I can still see my mother walking up Palmetto Street, shopping bags in hand. Fresh green leafy things peaking out and over the sides.

Rain or shine, this was her daily routine. After her day’s work at the corner knitting mill — she worked part time to make ends meet — off she went to the produce store. There were many times when she took me along to help carry packages. The store had just about everything one would need to prepare a wholesome meal and that was just what she did — every weekday night.

We were poor, but there’s poor and then there’s poor. I never went to bed hungry. I would like to believe that the scene I described would be the norm for families all over the U.S. today in large cities and small, but I know better. A buck ain’t what it used to be — if you had one. A loaf of bread 15 cents, a quart of milk 13 cents. Hell, back then for $4 you could feed a family of six a nutritious meal.
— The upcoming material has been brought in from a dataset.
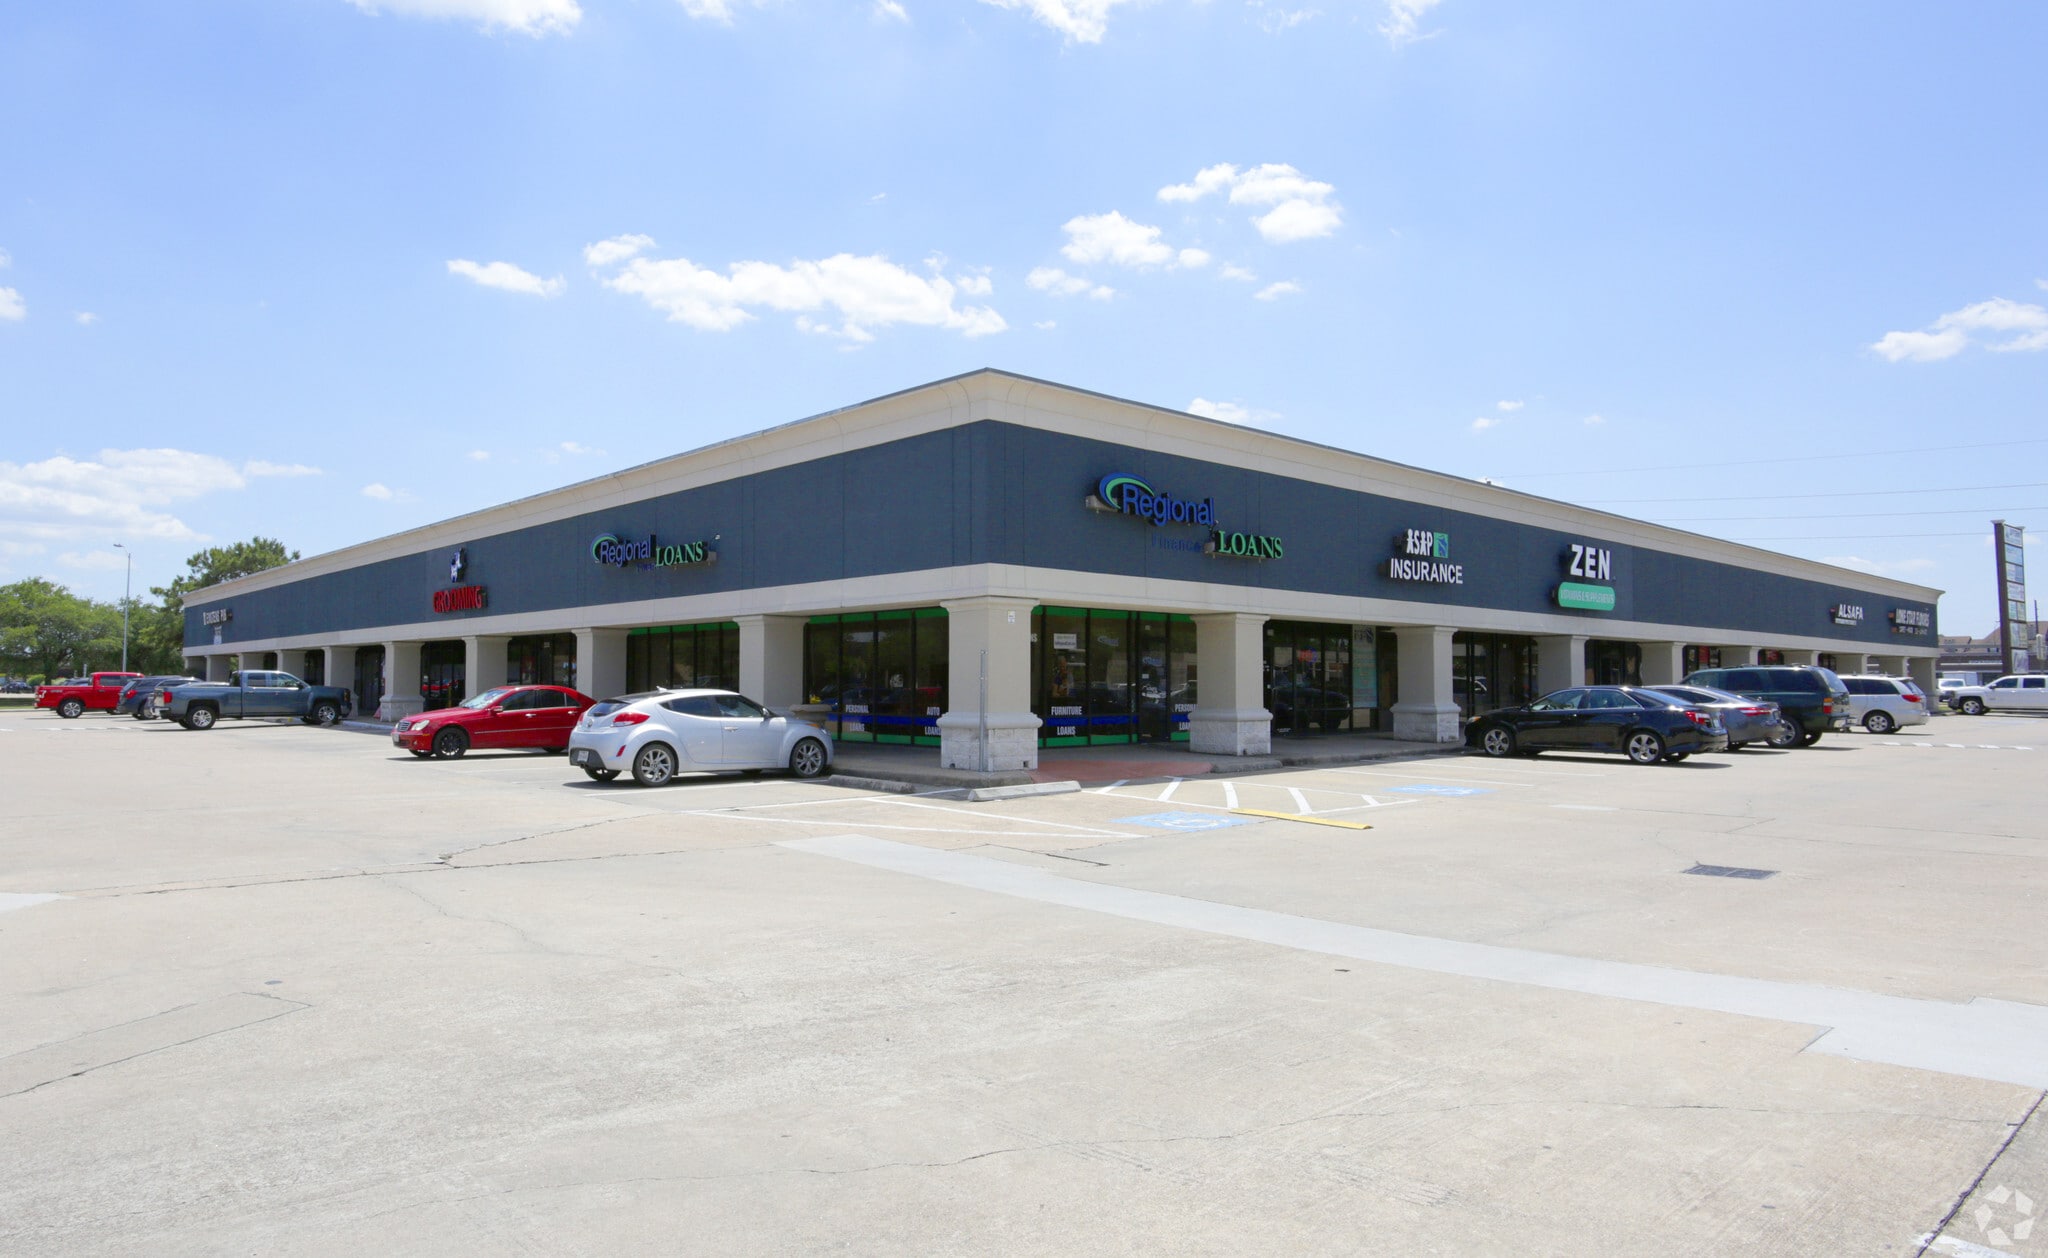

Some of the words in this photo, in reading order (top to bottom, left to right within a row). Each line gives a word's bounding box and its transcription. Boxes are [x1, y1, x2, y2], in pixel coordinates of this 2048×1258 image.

So here’s my take on obesity. Too many families today neither have the time nor the money to prepare nutritious meals. Most parents who have jobs are working more hours then ever before, so families opt for foods that cook fast or don’t have to be cooked at all. Much of this food is fried and or processed to the point of being devoid of any nutritional value. Most do have plenty of salt and hydrogenated oils. Fried foods are high in indigestible fat. Add to that the consumption of sugar-based food and you have a recipe for disaster.

During the past 20 years there has been a dramatic increase in obesity in the United States. Currently, more than 64 percent of U.S. adults are either overweight or obese, according to results from the 1999-2000 National Health and Nutrition Examination Survey, a 36 percent increase from 1980. An estimated 16 percent of children and adolescents ages 6–19 years are overweight. Tests done on 2-year-olds have found high levels of triglycerides and cholesterol.

As the race to the bottom continues in the U.S. and elsewhere, it seems clear to me that poor nutrition and obesity go hand in glove with the current trends of global capitalism.

Looking at Americans through the eyes of some developing nations, an impression of us may be one of prosperity and good health. Nothing could be farther from the truth.